## Exercise instructions:
Print out all of the records exactly; no picture belongs in the result.

## Data:

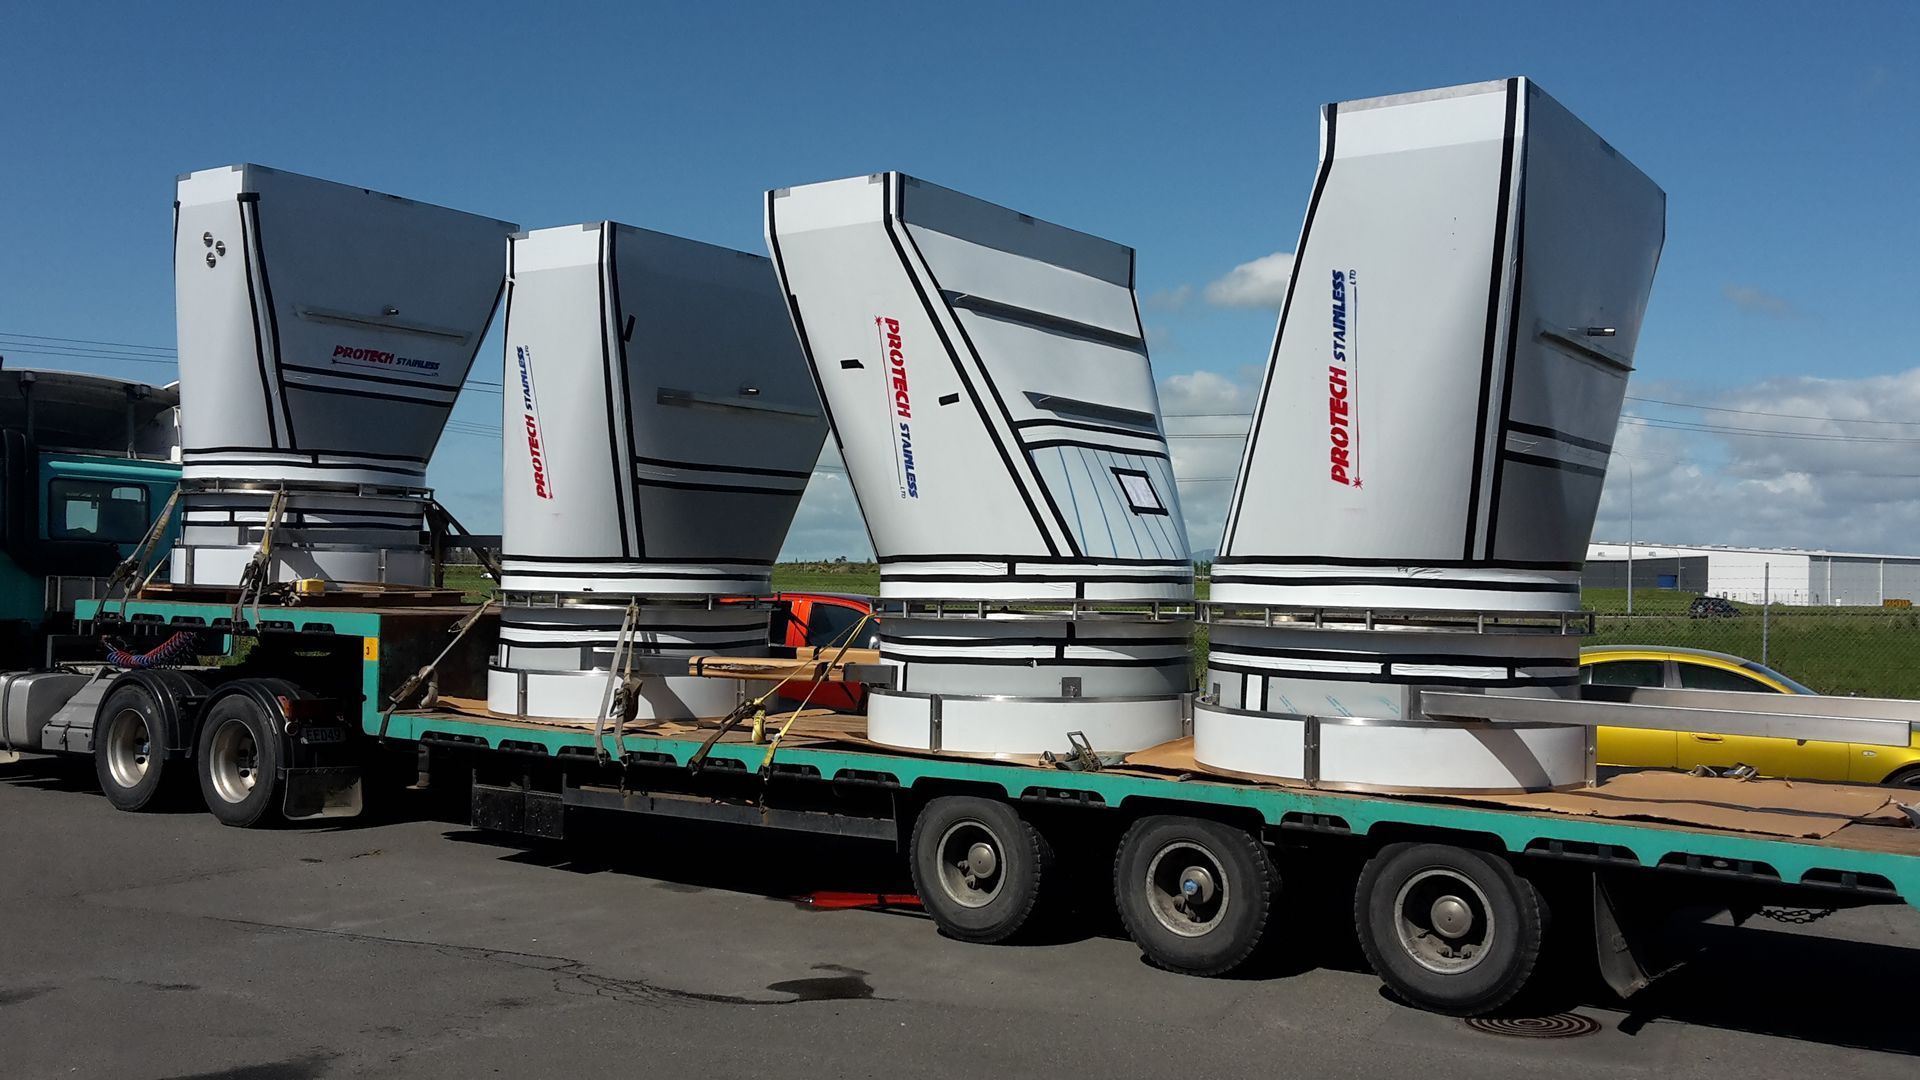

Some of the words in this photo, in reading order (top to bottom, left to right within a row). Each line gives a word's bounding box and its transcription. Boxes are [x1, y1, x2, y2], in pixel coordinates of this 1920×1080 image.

[333, 345, 395, 364] PROTECH
[396, 357, 440, 370] STAINLESS
[1332, 269, 1346, 362] STAINLESS
[517, 346, 533, 411] STAINLESS
[885, 317, 912, 419] PROTECH
[900, 422, 918, 499] STAINLESS
[525, 414, 547, 499] PROTECH
[1329, 366, 1350, 486] PROTECH
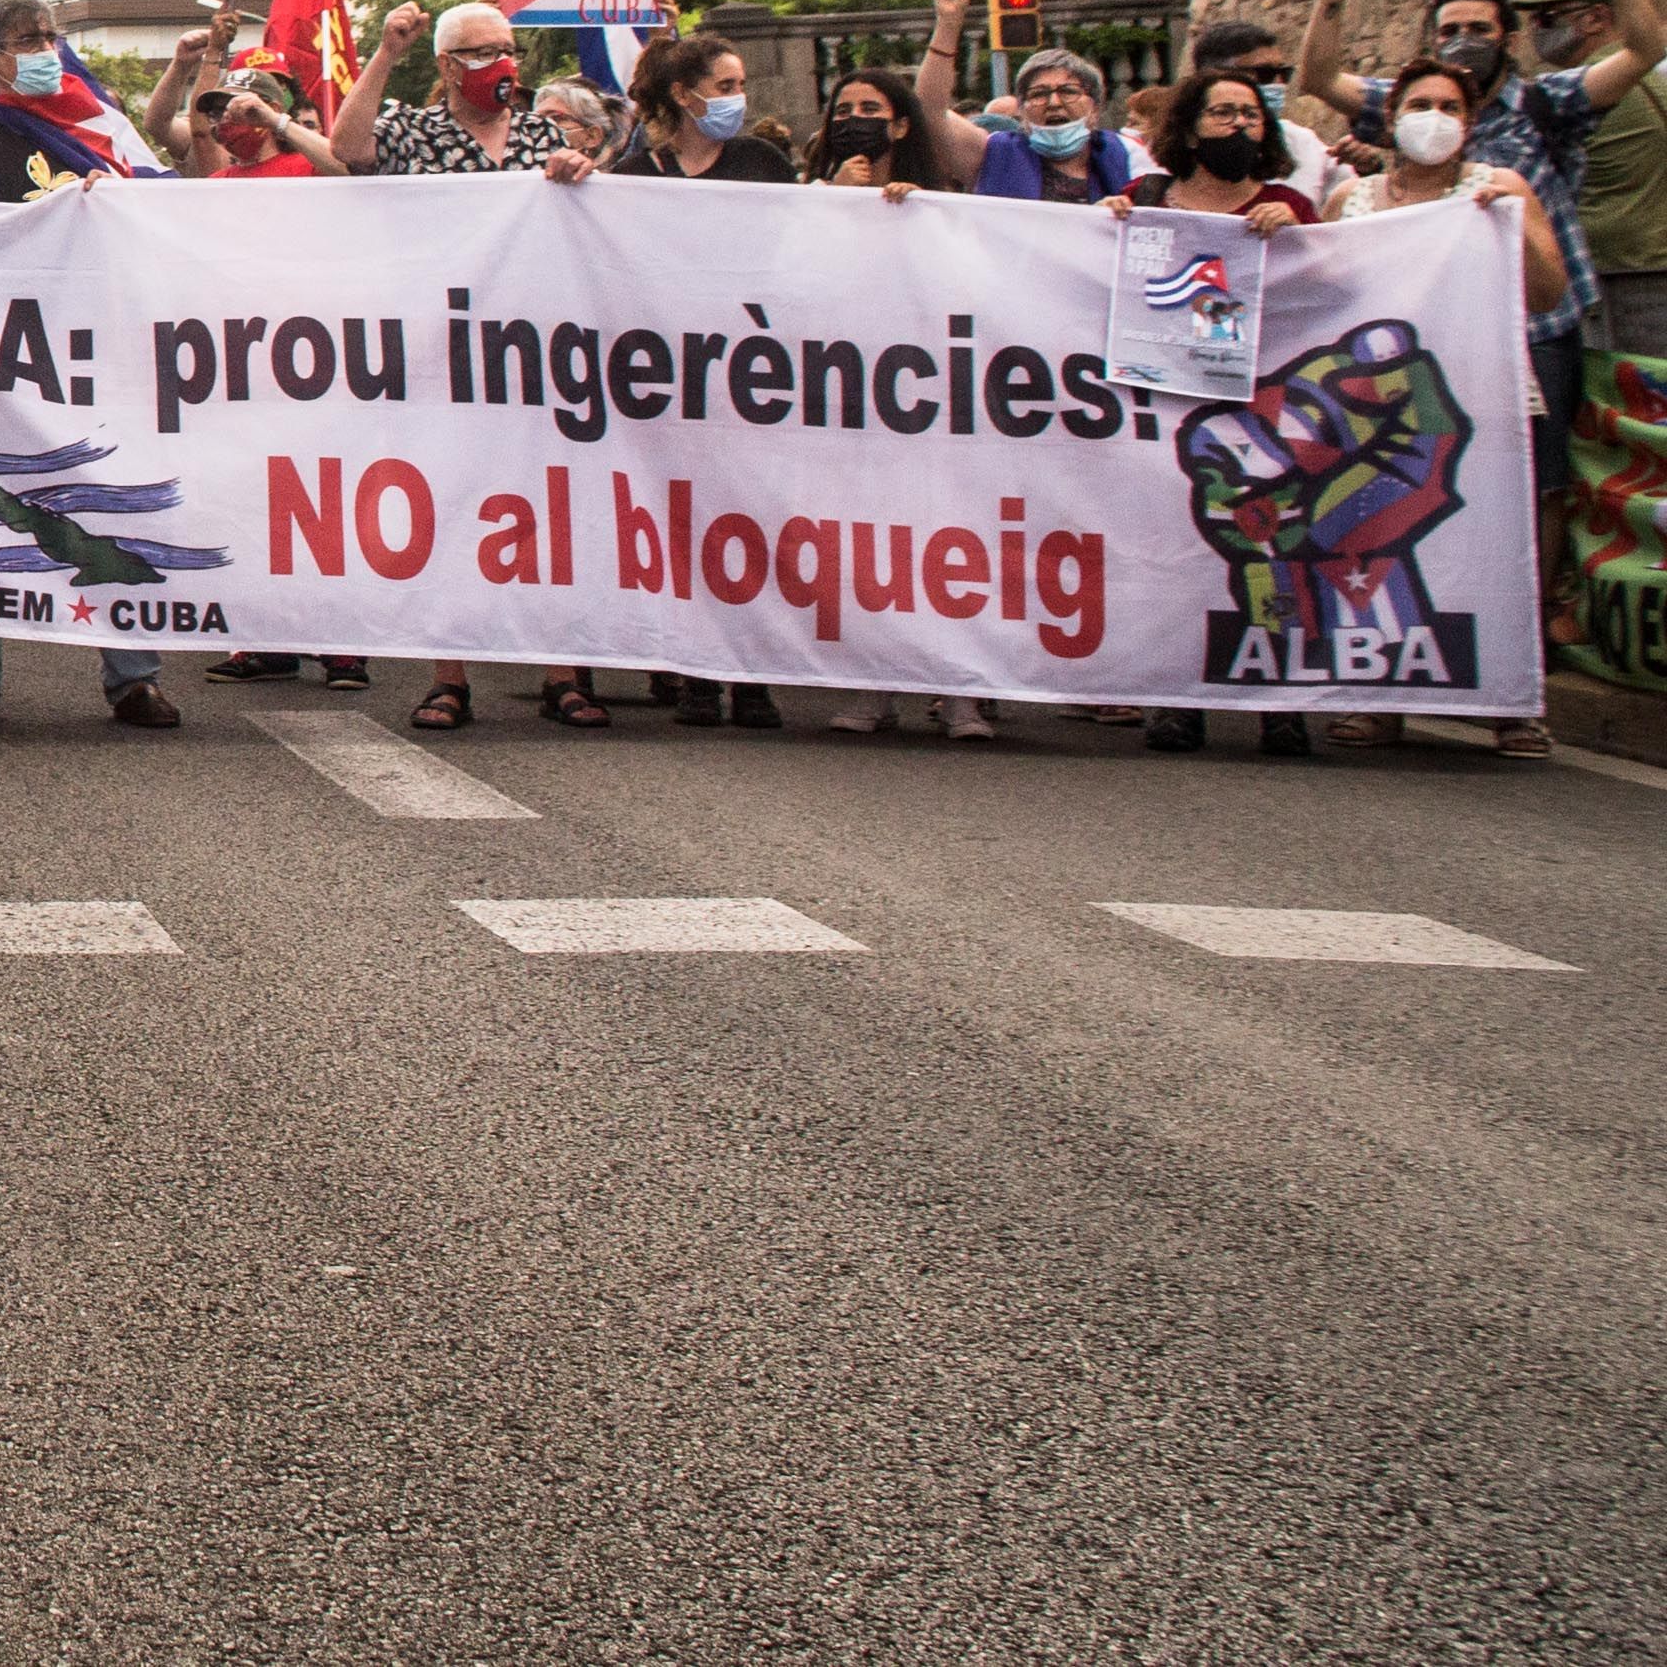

## Result below:
Some of the words in this photo, in reading order (top to bottom, left to right within a row). Each line gives a word's bounding box and its transcription. Boxes are [x1, y1, x2, y2], in pixel coordinates of this 1920×1080 image.

[333, 345, 395, 364] PROTECH
[396, 357, 440, 370] STAINLESS
[1332, 269, 1346, 362] STAINLESS
[517, 346, 533, 411] STAINLESS
[885, 317, 912, 419] PROTECH
[900, 422, 918, 499] STAINLESS
[525, 414, 547, 499] PROTECH
[1329, 366, 1350, 486] PROTECH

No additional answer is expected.